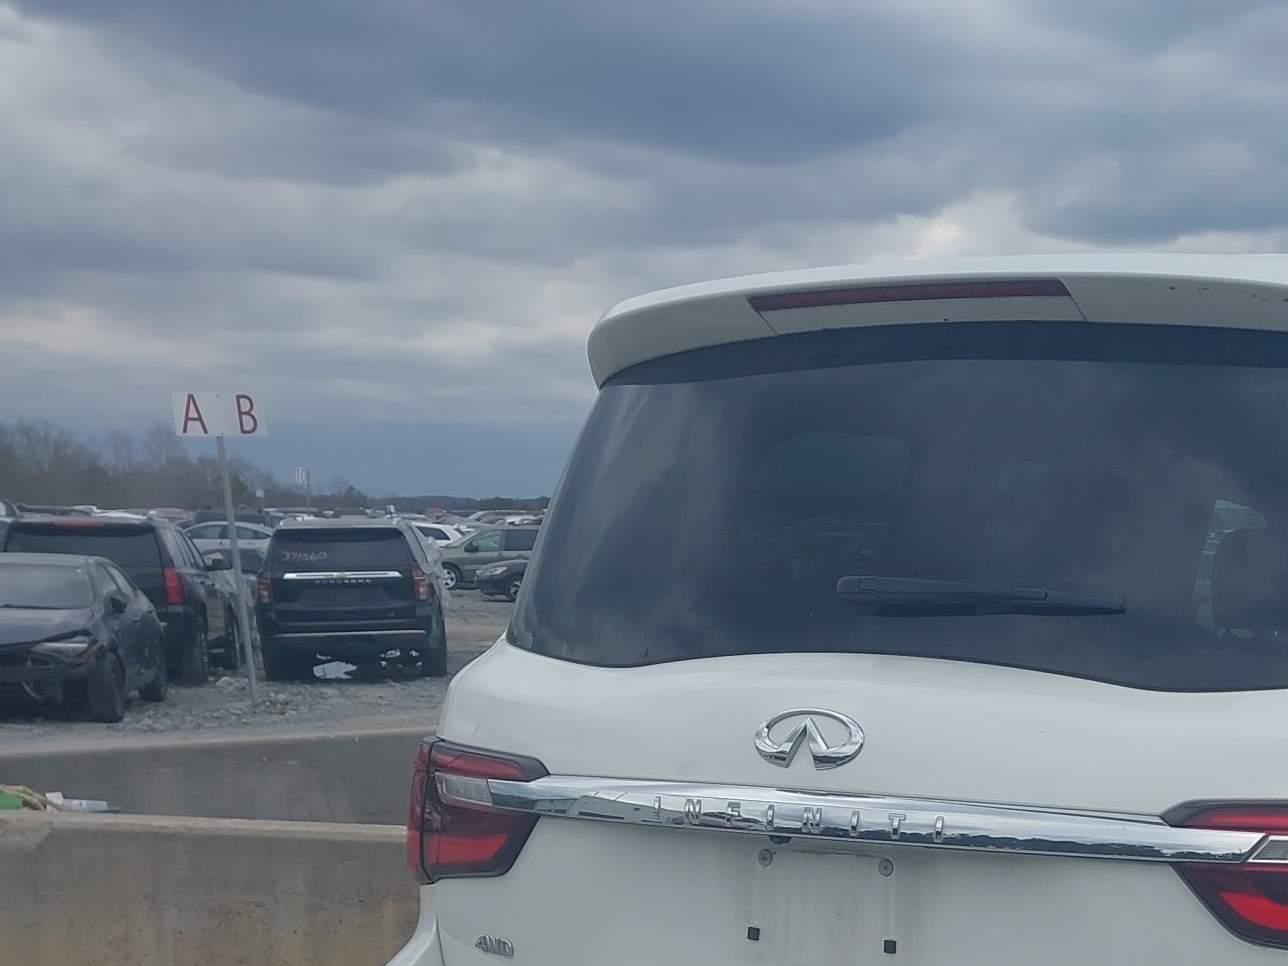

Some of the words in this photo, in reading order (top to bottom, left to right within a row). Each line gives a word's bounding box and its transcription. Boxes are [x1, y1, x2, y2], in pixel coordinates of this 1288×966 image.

[183, 393, 208, 434] A
[235, 394, 258, 434] B
[652, 795, 945, 844] INFINITI
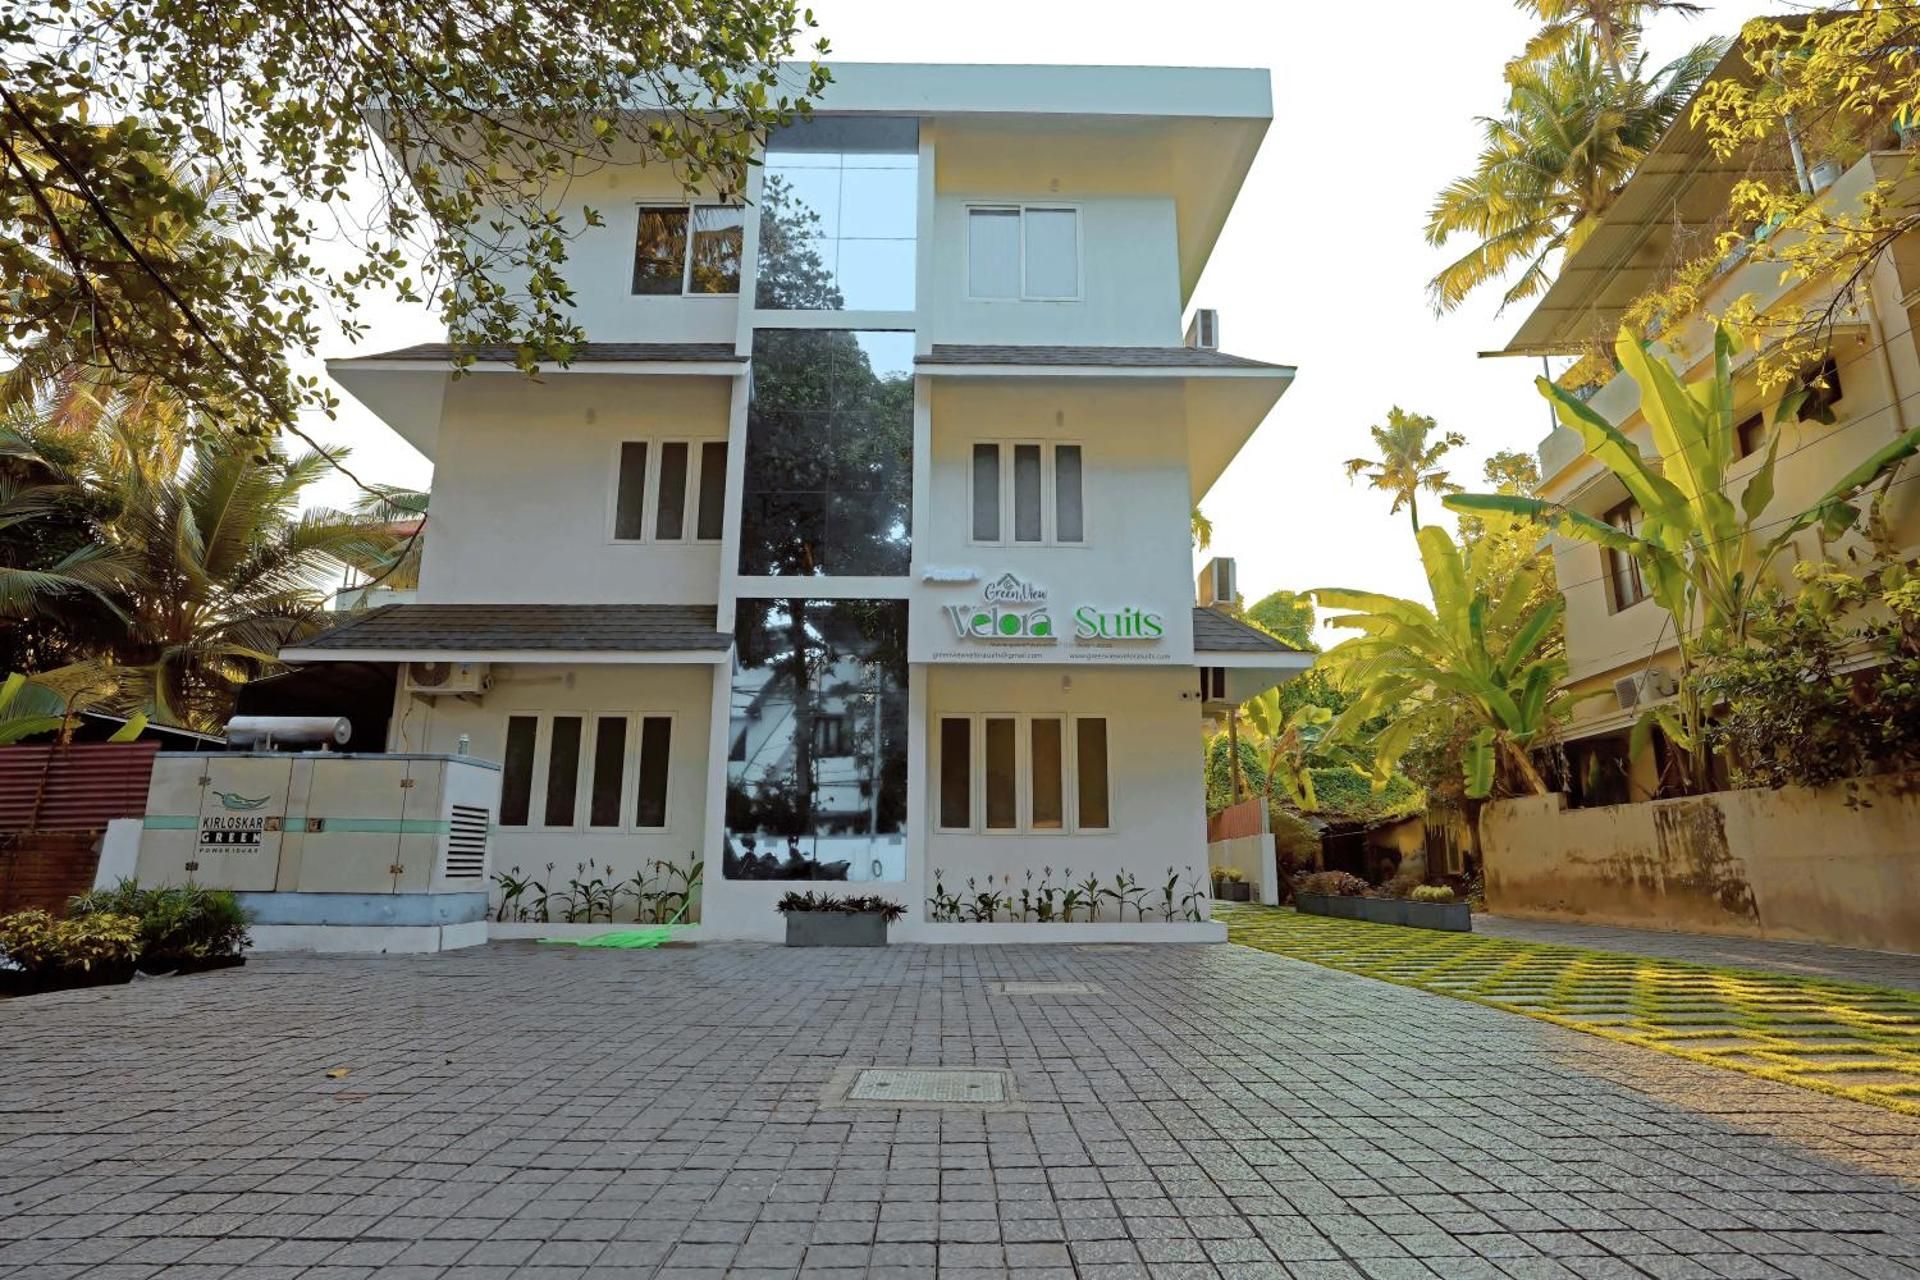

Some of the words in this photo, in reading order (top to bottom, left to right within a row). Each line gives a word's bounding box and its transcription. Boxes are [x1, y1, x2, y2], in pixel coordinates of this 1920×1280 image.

[984, 583, 1018, 600] Green
[1020, 583, 1048, 600] View
[1076, 606, 1162, 637] Suits
[203, 816, 263, 829] KIRLOSKAR
[201, 832, 261, 843] GREEN
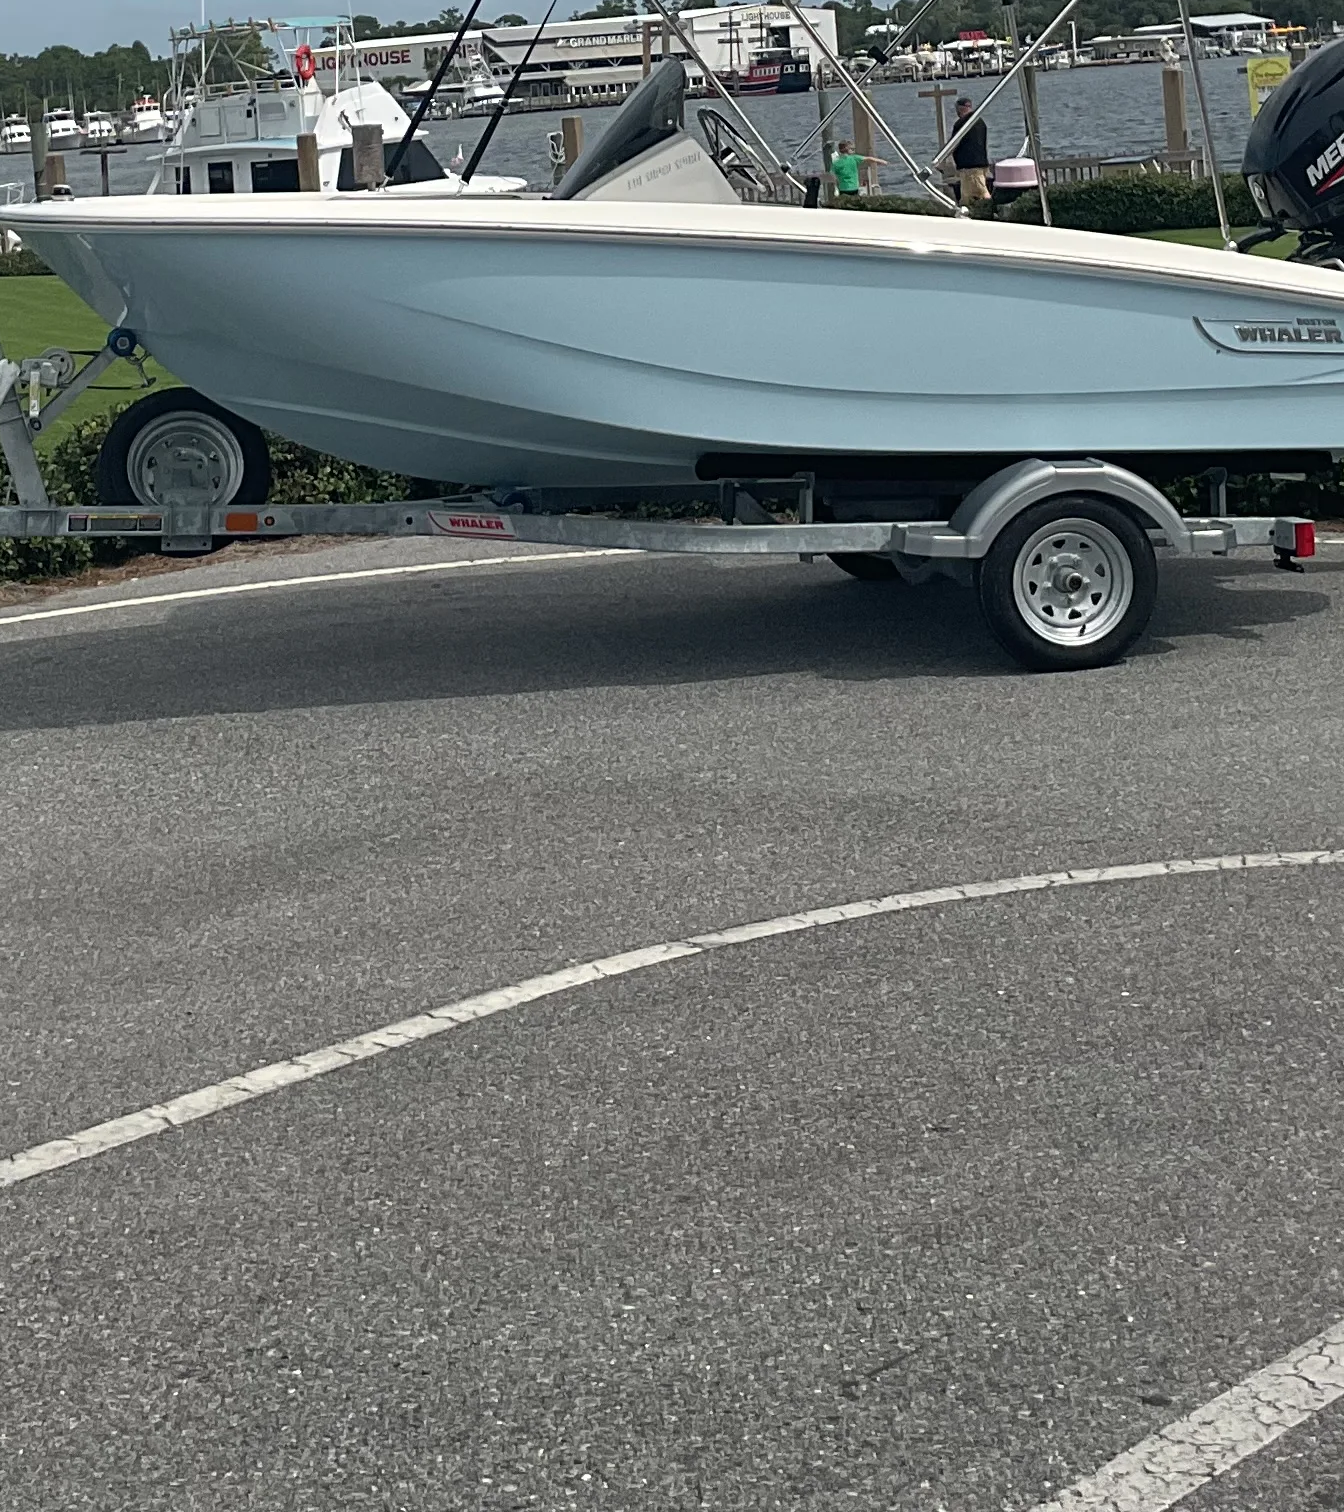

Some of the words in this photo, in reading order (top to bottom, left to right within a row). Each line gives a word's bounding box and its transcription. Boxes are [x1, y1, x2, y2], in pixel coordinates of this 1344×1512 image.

[569, 35, 607, 48] GRAND
[1296, 318, 1336, 326] BOSTON
[1234, 325, 1344, 344] WHALER
[449, 518, 505, 530] WHALER
┄┄┄┄┄┄┄┄┄┄┄┄┄┄┄┄┄┄┄┄
What you need to do:
The answer must be an exact reproduction of the records, with every picture left out.

Output of the task:
Some of the words in this photo, in reading order (top to bottom, left to right within a row). Each line gives a word's bounding box and its transcription. Boxes are [x1, y1, x2, y2], in pixel coordinates of this 1288×966 image.

[183, 393, 208, 434] A
[235, 394, 258, 434] B
[652, 795, 945, 844] INFINITI

Some of the words in this photo, in reading order (top to bottom, left to right within a row). Each line gives a word's bounding box and its transcription. Boxes are [x1, y1, x2, y2], in pixel coordinates of this 1920×1280 image.

[984, 583, 1018, 600] Green
[1020, 583, 1048, 600] View
[1076, 606, 1162, 637] Suits
[203, 816, 263, 829] KIRLOSKAR
[201, 832, 261, 843] GREEN

Some of the words in this photo, in reading order (top to bottom, left to right within a row). Each line gives a word's bounding box and its transcription. Boxes are [x1, y1, x2, y2], in pixel coordinates of this 1344×1512 image.

[569, 35, 607, 48] GRAND
[1296, 318, 1336, 326] BOSTON
[1234, 325, 1344, 344] WHALER
[449, 518, 505, 530] WHALER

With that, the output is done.